Image: Flickr / Janels Katlaps (CC BY 2.0)

Supplements supplemented with real drugs, risking your health

Be careful with those supplements for dieting or sexual health -- turns out they often include real drugs like laxatives or sildenafil (you know it as Viagra). That's according to a US Food and Drug Administration database on contaminated supplements, analyzed in a new study by researchers at the California Department of Public Health. In fact, more than 700 types of supplements tested over a decade contained at least one extra pharmaceutical that was not supposed to be in the product ... and many had more than one. Surprised consumers can thank US Senator Orrin Hatch, among others, for this finding: he sponsored and helped get passed a law in 1994 that treats supplements as food rather than drugs, which means there are limited regulations in place for either safety or efficacy testing before vitamins and supplements reach American store shelves.

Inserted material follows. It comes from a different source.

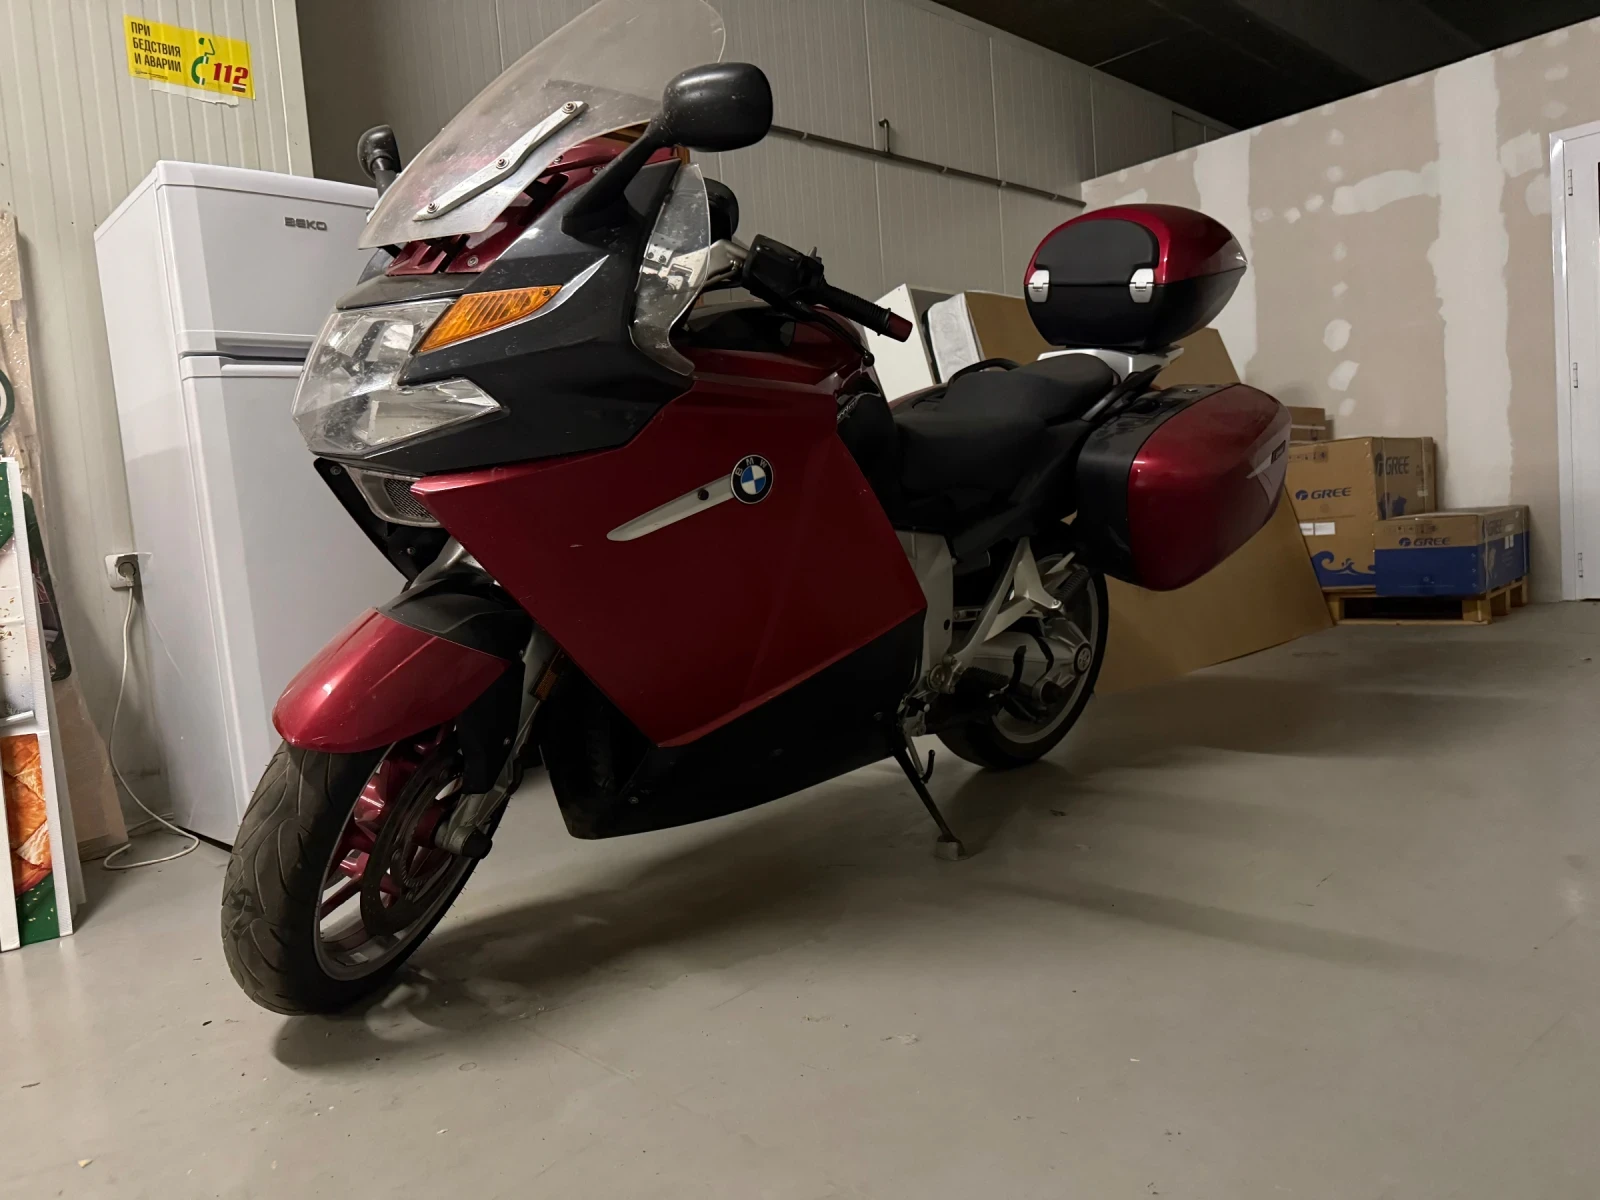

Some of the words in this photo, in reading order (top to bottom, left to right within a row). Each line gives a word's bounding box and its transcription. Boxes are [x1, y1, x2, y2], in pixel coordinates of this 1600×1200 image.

Playlist: What you need to know about medicine
spider

Image: Flickr / Tibor Nagy (CC BY-NC 2.0)

Where have all the bugs gone?

First Germany, now Puerto Rico: surveys by entomologists reveal that insect populations have crashed in the island's Luquillo rainforest -- and climate change may share some of the blame. Comparing surveys of arthropods -- insects and spiders and centipedes, oh my! -- from the 1970s and today revealed a massive population decline. In some cases, as little as an eighth of a population remains compared to 40 years ago. As a result, insect-eating species like lizards, frogs and birds have declined as well. And this is in a protected national forest, not a farm field. The researchers suggest global warming may be to blame, since insects cannot regulate their internal temperature, though not all researchers agree on the most likely culprit.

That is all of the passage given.